Task:
Please write out every record exactly, but keep any images out of it.

Data:

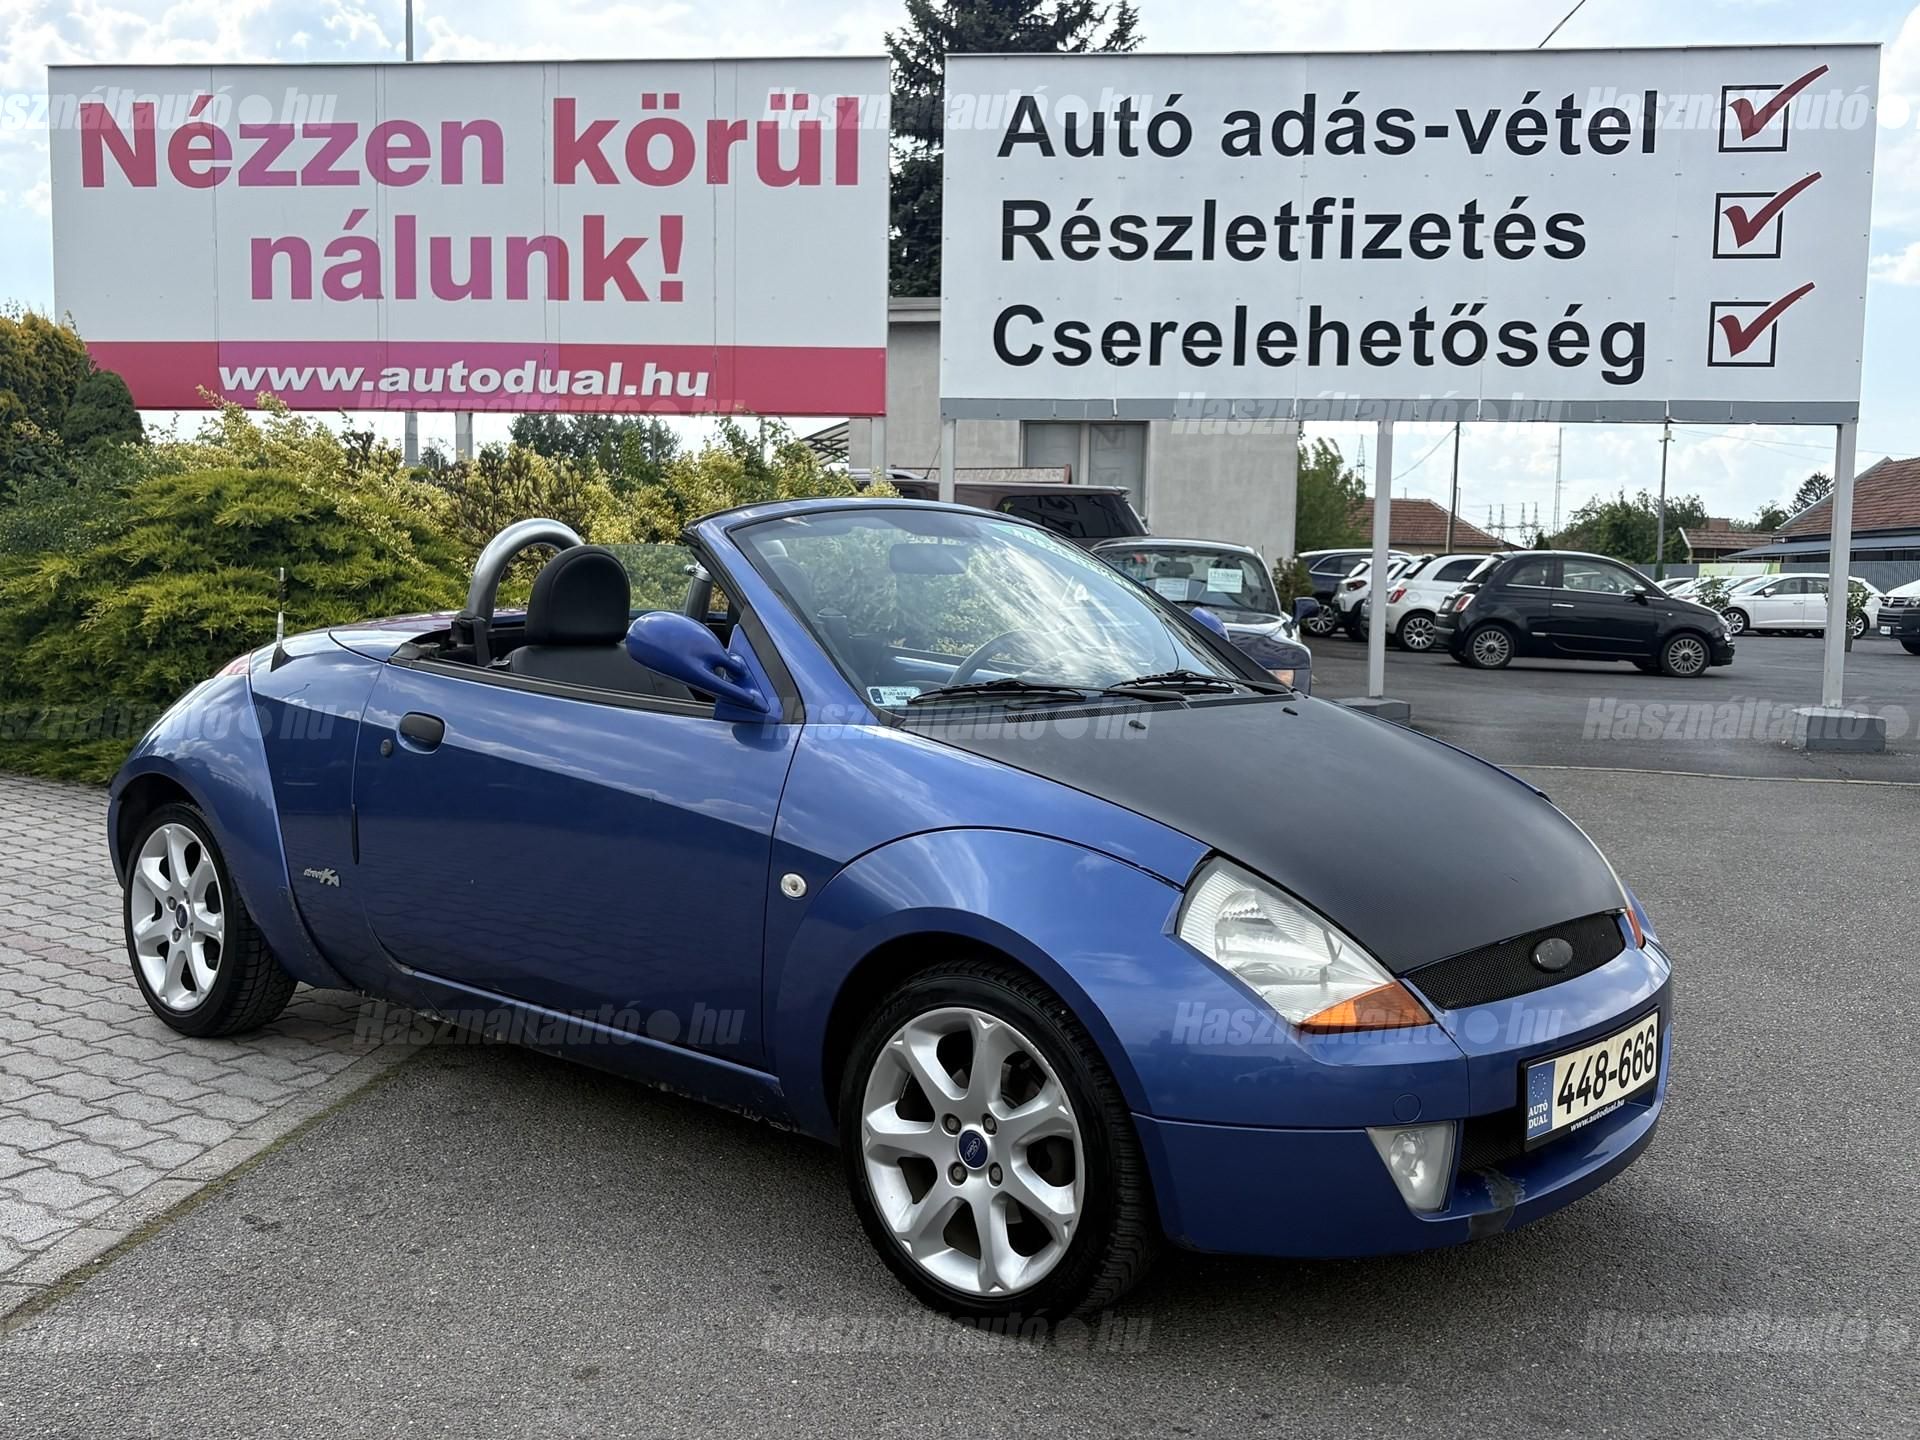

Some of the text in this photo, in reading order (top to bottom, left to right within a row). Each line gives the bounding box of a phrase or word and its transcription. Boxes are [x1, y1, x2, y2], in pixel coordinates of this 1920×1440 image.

[83, 93, 859, 189] Nézzen körül
[997, 90, 1658, 158] Autó adás-vétel
[251, 209, 684, 303] nálunk!
[1002, 196, 1587, 262] Részletfizetés
[219, 361, 709, 398] www.autodual.hu
[993, 303, 1647, 385] Cserelehetőség
[1557, 1023, 1656, 1116] 448-666
[1528, 1113, 1549, 1129] DUAL
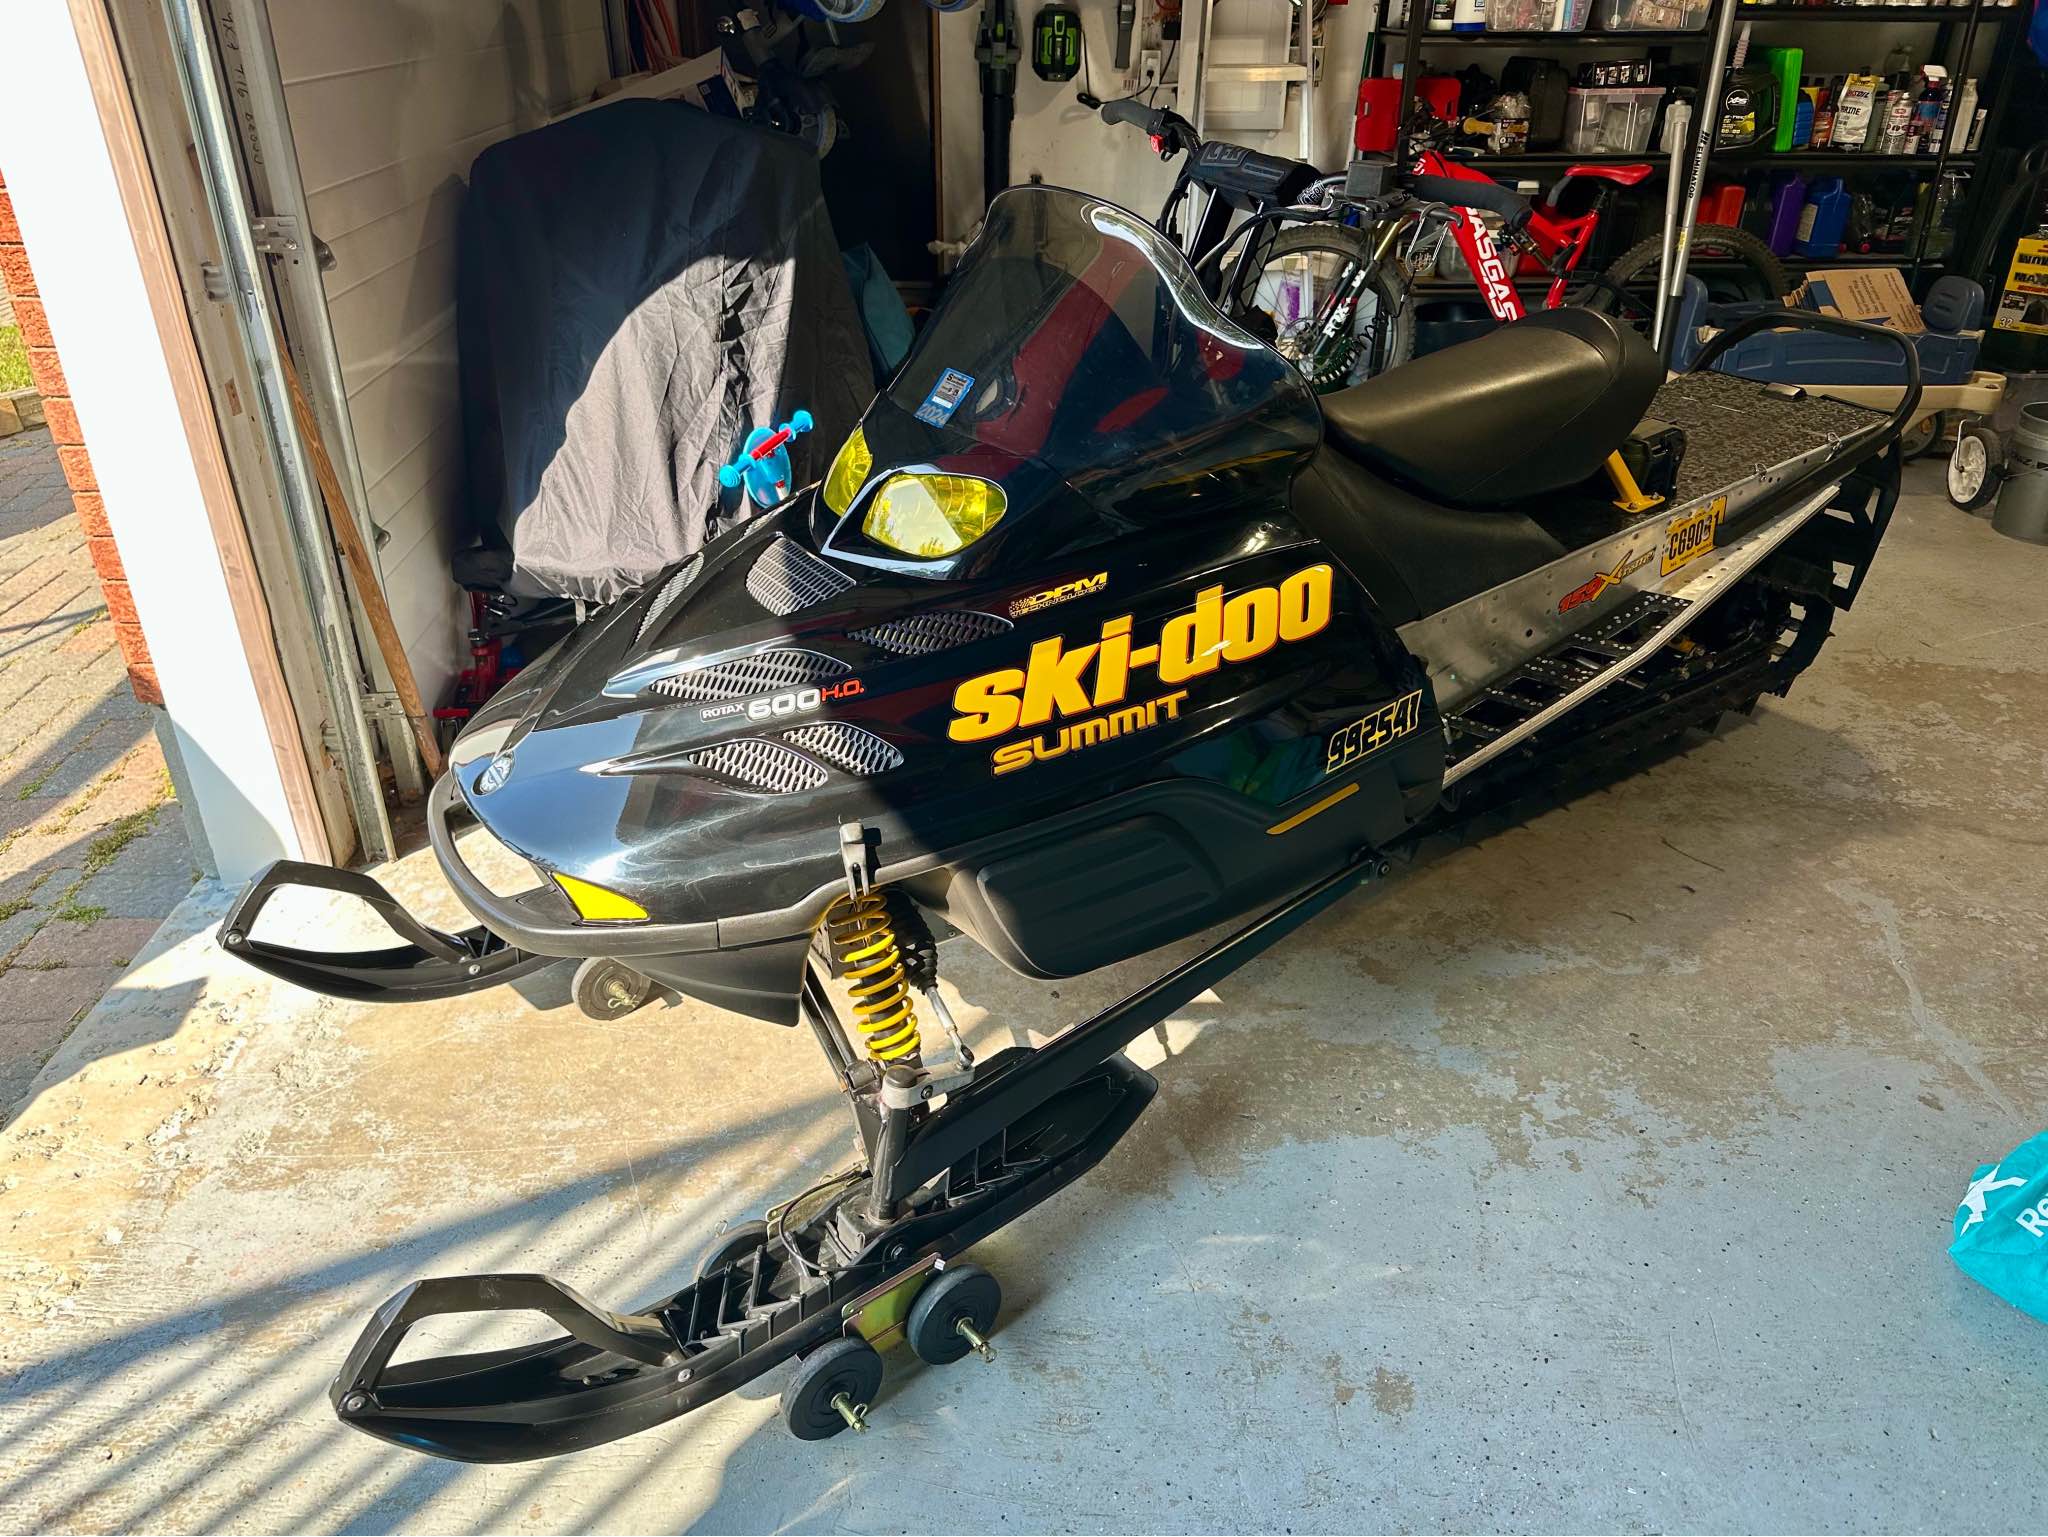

Task solution:
Some of the text in this photo, in reading order (top to bottom, left to right within a row). Each line gives the bounding box of a phrase or word and its transcription. Boxes are [x1, y1, x2, y2], in pixel coordinates of this 1920×1440 image.

[83, 93, 859, 189] Nézzen körül
[997, 90, 1658, 158] Autó adás-vétel
[251, 209, 684, 303] nálunk!
[1002, 196, 1587, 262] Részletfizetés
[219, 361, 709, 398] www.autodual.hu
[993, 303, 1647, 385] Cserelehetőség
[1557, 1023, 1656, 1116] 448-666
[1528, 1113, 1549, 1129] DUAL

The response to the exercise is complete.